==== TASK DATA ====

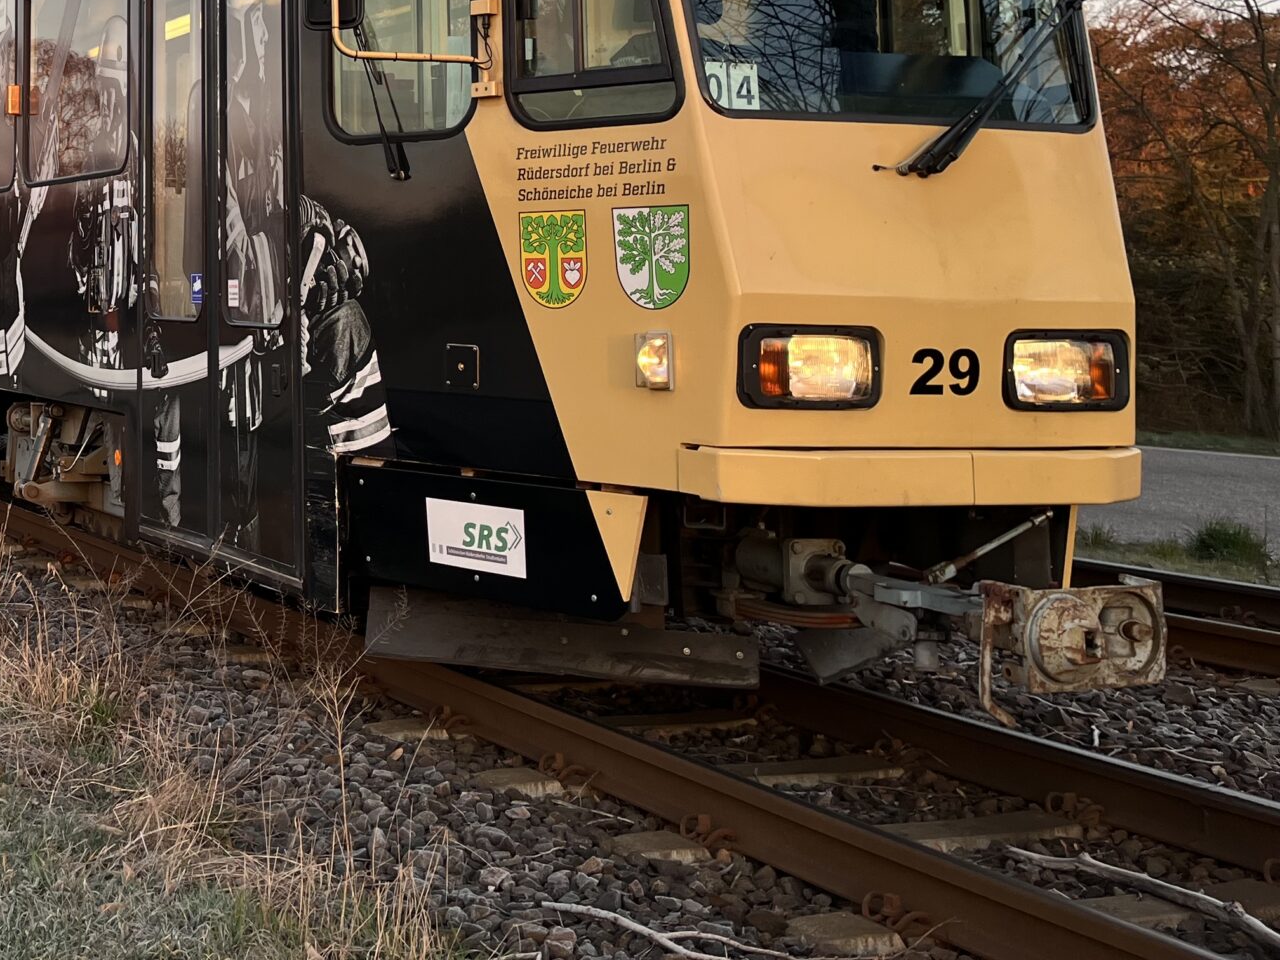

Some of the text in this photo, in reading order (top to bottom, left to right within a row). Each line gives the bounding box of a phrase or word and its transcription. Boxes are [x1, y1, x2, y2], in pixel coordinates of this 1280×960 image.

[516, 137, 667, 160] Freiwillige Feuerwehr
[517, 158, 676, 181] Rüdersdorf bei Berlin &
[518, 181, 666, 201] Schöneiche bei Berlin
[909, 348, 980, 396] 29
[462, 522, 509, 552] SRS
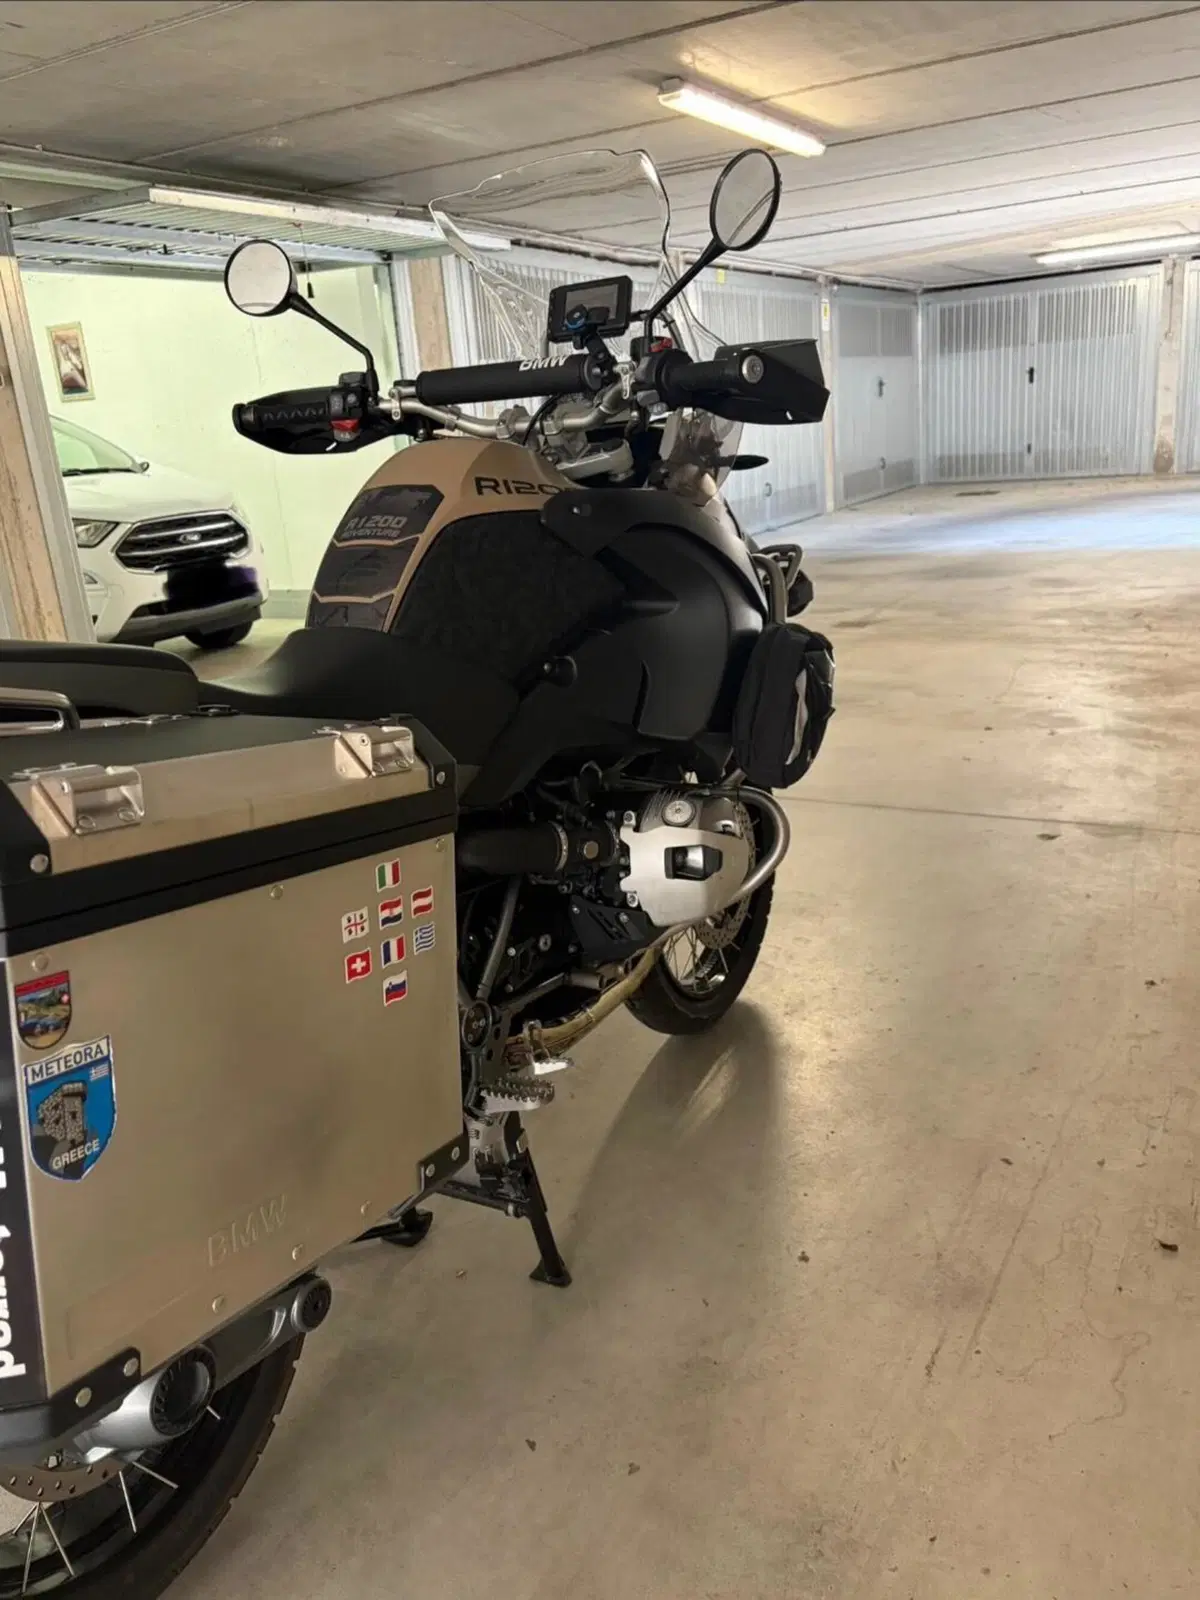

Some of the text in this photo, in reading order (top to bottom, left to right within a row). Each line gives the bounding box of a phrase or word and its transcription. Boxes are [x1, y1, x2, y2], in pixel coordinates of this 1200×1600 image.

[474, 476, 573, 496] R120
[31, 1044, 104, 1081] METEORA
[52, 1139, 100, 1170] GREECE
[206, 1193, 287, 1267] BMW

====

- **WORK ORDER**
Go through the lines above and write each one out verbatim, skipping the pictures.

- **EXPECTED ANSWER**
Some of the text in this photo, in reading order (top to bottom, left to right within a row). Each line gives the bounding box of a phrase or word and its transcription. Boxes are [x1, y1, x2, y2], in pixel coordinates of this 1280×960 image.

[516, 137, 667, 160] Freiwillige Feuerwehr
[517, 158, 676, 181] Rüdersdorf bei Berlin &
[518, 181, 666, 201] Schöneiche bei Berlin
[909, 348, 980, 396] 29
[462, 522, 509, 552] SRS

Some of the text in this photo, in reading order (top to bottom, left to right within a row). Each line gives the bounding box of a phrase or word and its transcription. Boxes are [x1, y1, x2, y2], in pixel coordinates of this 1200×1600 image.

[474, 476, 573, 496] R120
[31, 1044, 104, 1081] METEORA
[52, 1139, 100, 1170] GREECE
[206, 1193, 287, 1267] BMW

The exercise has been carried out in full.